Hartanov told TODAY Parents that just as in his work, his reaction to his house being TP'd was "all about mindset."
"It's like the hokey internet meme says," he said. "'It's not what happens to you that matters, it's your response to it.' It's not what your kids are doing, it's how you respond. We parents need to pause sometimes and realize there is another way to look at a situation."
That is why instead of being angry about the mess, the results of the mischief making filled Hartanov with "an immense sense of gratitude that this is still alive in the world."
"Everything is so freaking serious right now," he said. "There's no more kids just being kids. We're so tired of our kids being on electronics or watching Netflix, stuck in house because of COVID. We need more of this — to get out of the house, get off the electronics."
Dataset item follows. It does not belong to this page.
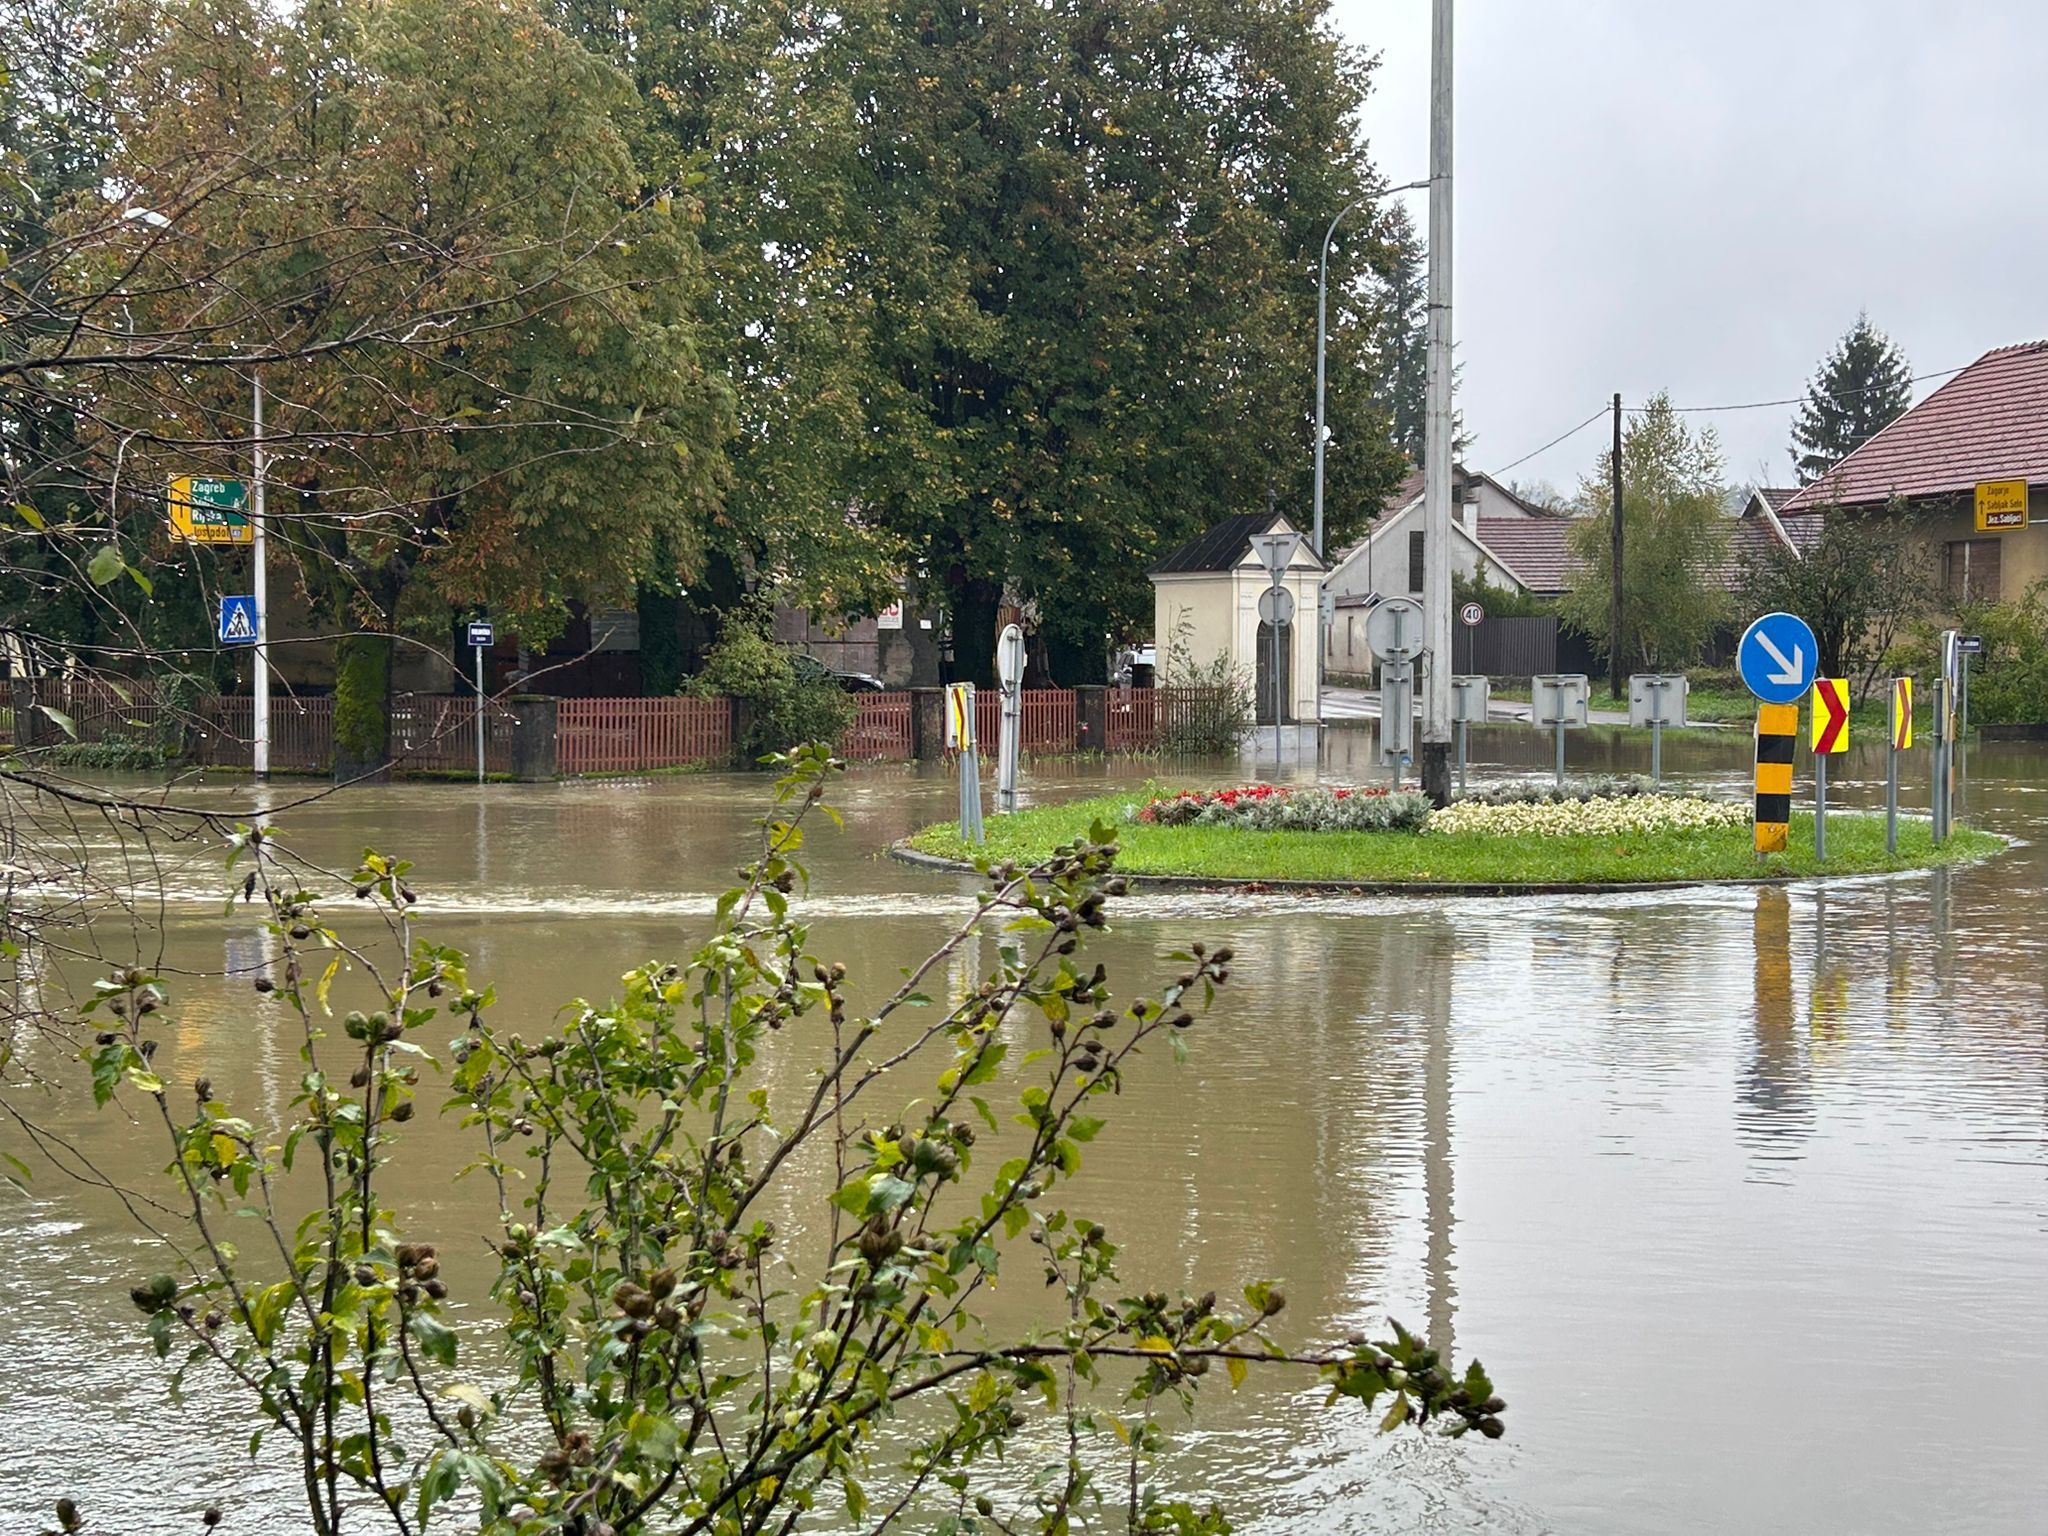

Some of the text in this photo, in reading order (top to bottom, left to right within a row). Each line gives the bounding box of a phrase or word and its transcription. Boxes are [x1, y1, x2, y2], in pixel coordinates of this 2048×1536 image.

[192, 480, 226, 495] Zagreb
[1987, 486, 2009, 497] Zagorje
[1465, 608, 1479, 620] 40
Hartanov said that he and commenters on the post agreed that TP'ing a house felt like nostalgic fun that didn't hurt anyone. "It's a rite of passage to TP a house," he said. "These kids are keeping traditions alive. It connected me back to my own childhood — I miss living in the moment!"
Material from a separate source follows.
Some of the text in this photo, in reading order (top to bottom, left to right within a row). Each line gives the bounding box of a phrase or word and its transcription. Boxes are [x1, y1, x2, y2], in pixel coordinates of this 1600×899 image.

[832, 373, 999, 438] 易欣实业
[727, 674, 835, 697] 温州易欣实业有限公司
Rumor has it that the TP bandits might have been a roving band of middle school age girls — a thought that only delights Hartanov more and explains their poor performance, he said.
"They're new. They're not professionals or high schoolers," he laughed. "Nobody has trained them."
Though his daughters offered to help him clean up, Hartanov said they had no reason to feel sorry for the incident. "You never TP the houses of people you don't like," he noted. "You TP the fun people. I appreciate that someone cares enough about my daughters to do it to us.
"I'd be bummed if no one ever TP'd me. I'd think, 'Why doesn't anyone love me?'" he said.
Hartanov's house was hit a second time after the post went viral. "Second time was better. Just a little weak!"
Hartanov said he meant what he wrote to the perpetrators at the end of his Facebook post.
"Thank you for spreading joy to me and my girls. I applaud you."